Joined: May 12th, 2013, 5:47 pm
Posts: 111
My library just got this book, and I've just started reading it. I have some questions... I'm not a biologist, I'm a trumpeter/librarian, so forgive my silly questions.

The author says at one point that someone is studying Timber Rattlesnakes, and has identified a 45 year old female that is still reproducing. I believe the author says the researcher caught the snake while it was gravid. How long can rattlesnakes, timber or other, live? I realize in the wild, that many don't make it very long, but I am stunned by the idea of a 45 year old snake. How long do garter snakes live? I know, a car can squish 'em annd a hawk can eat them, but how long does one that lives a good, long life live?

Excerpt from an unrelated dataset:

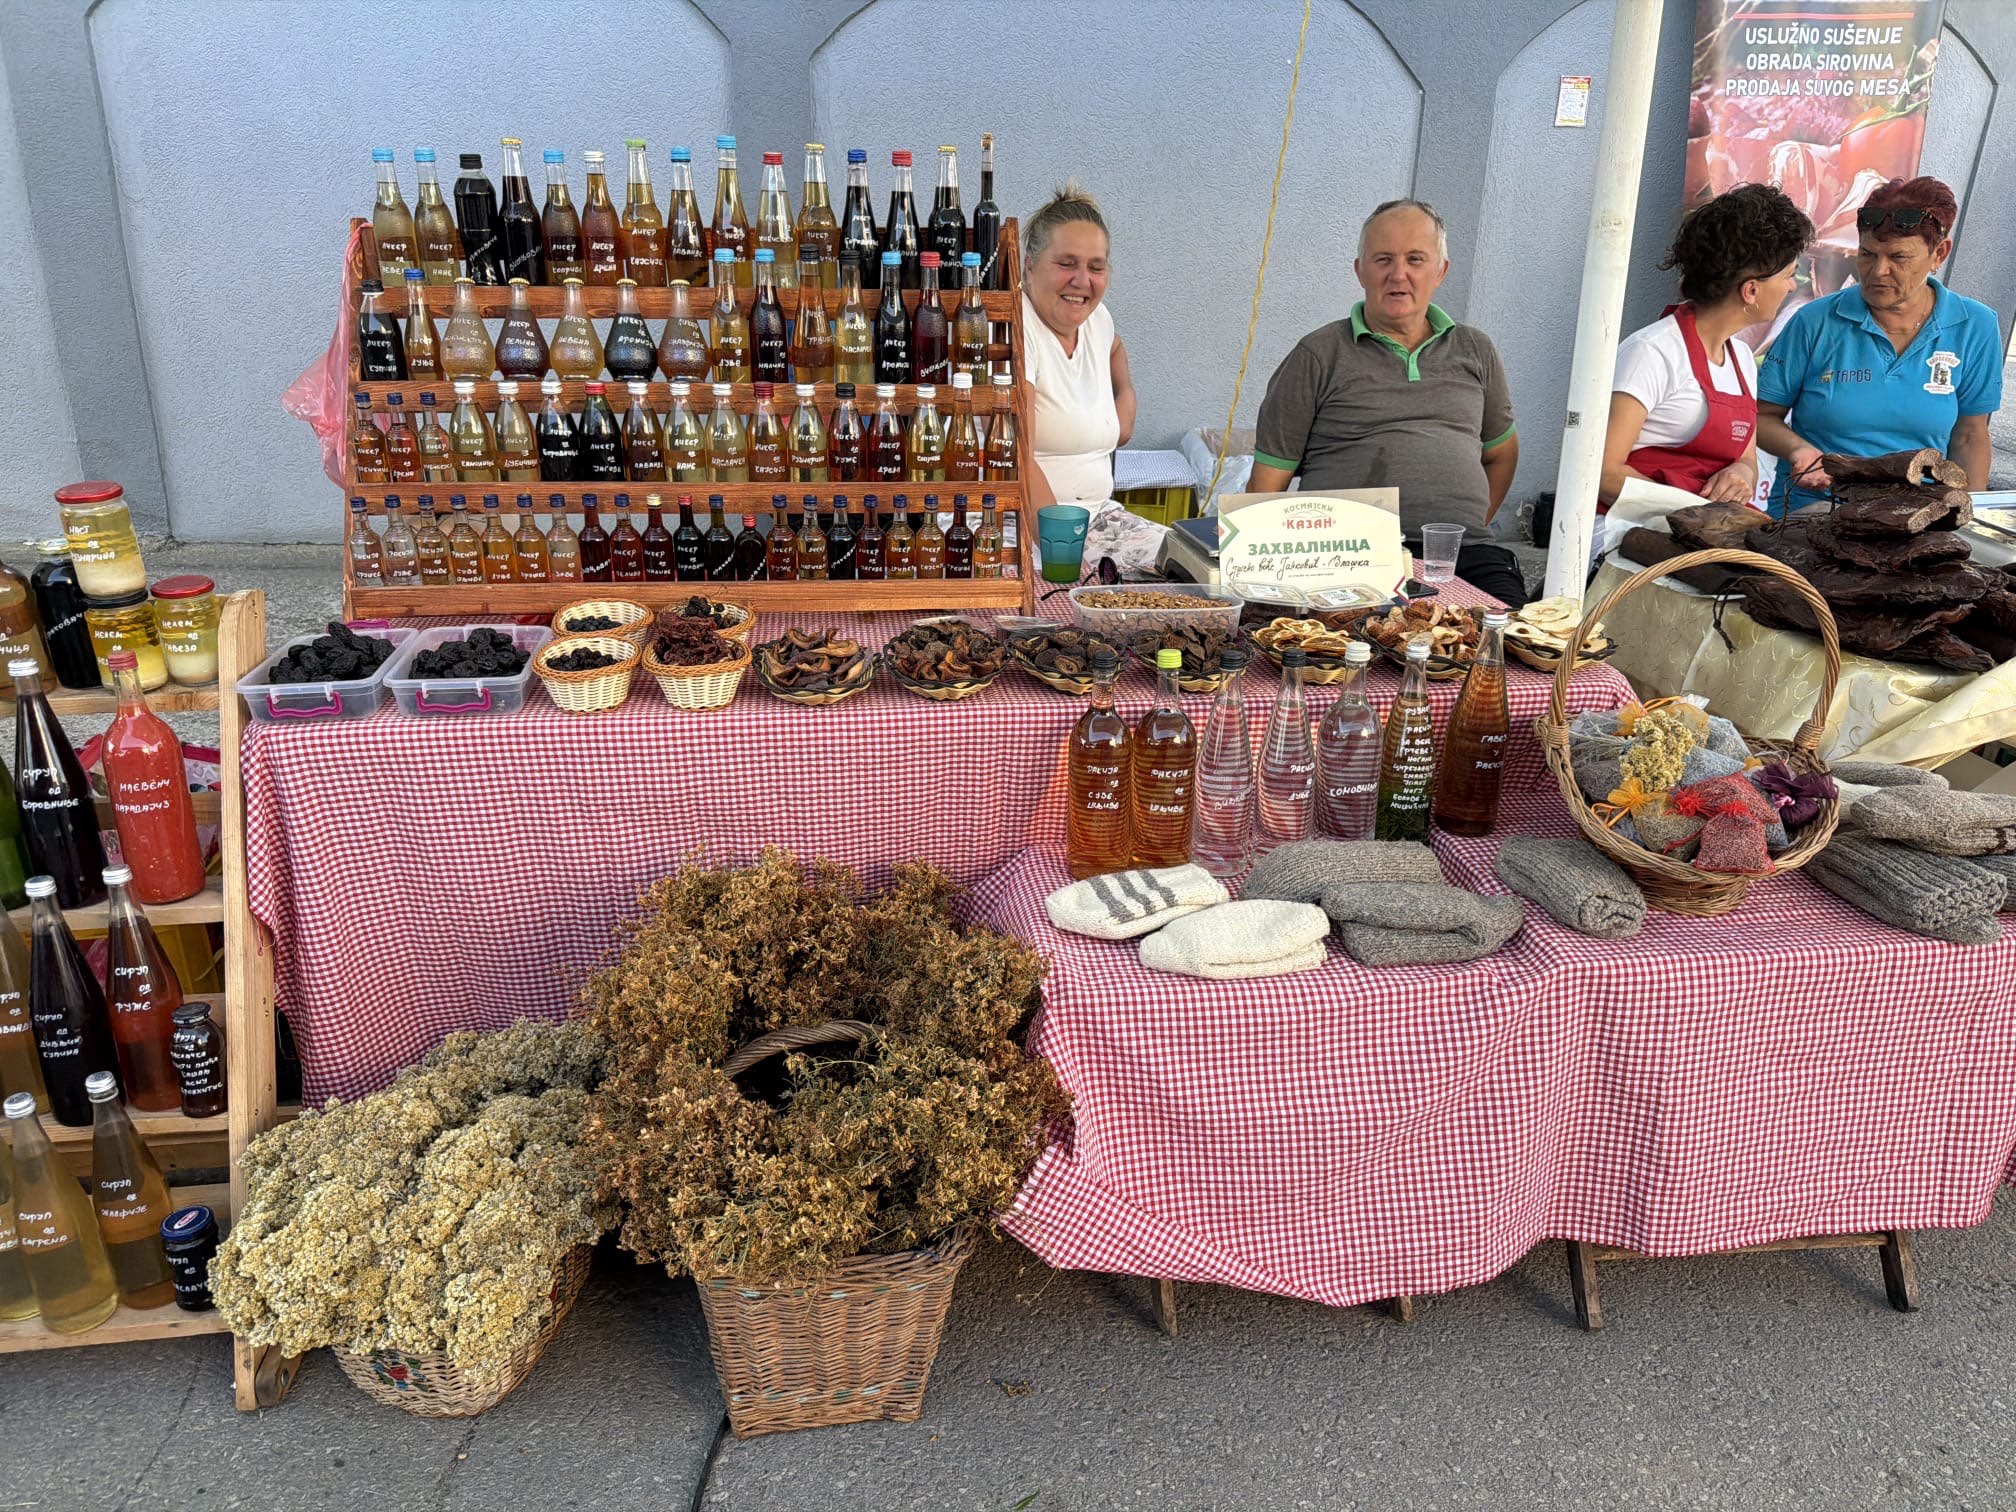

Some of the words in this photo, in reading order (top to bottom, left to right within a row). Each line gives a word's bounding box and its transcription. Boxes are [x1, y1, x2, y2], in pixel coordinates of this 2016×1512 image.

The book says that a female Timber Rattlesnake starts to reproduce at about age 5, and sometimes not until she's 10. And then, only every five years or so. He makes a point that this is the slowest reproducing snake (maybe in the US, but maybe everywhere--I forgot). He also says that the female who is about to have young may spend 5-6 weeks not eating, but rather, just basking, and that takes a toll on the female. That's why she only has young every five years, or so. How different is that from other snakes? How long is it before a garter snake begins to reproduce, and how often do they usually have young?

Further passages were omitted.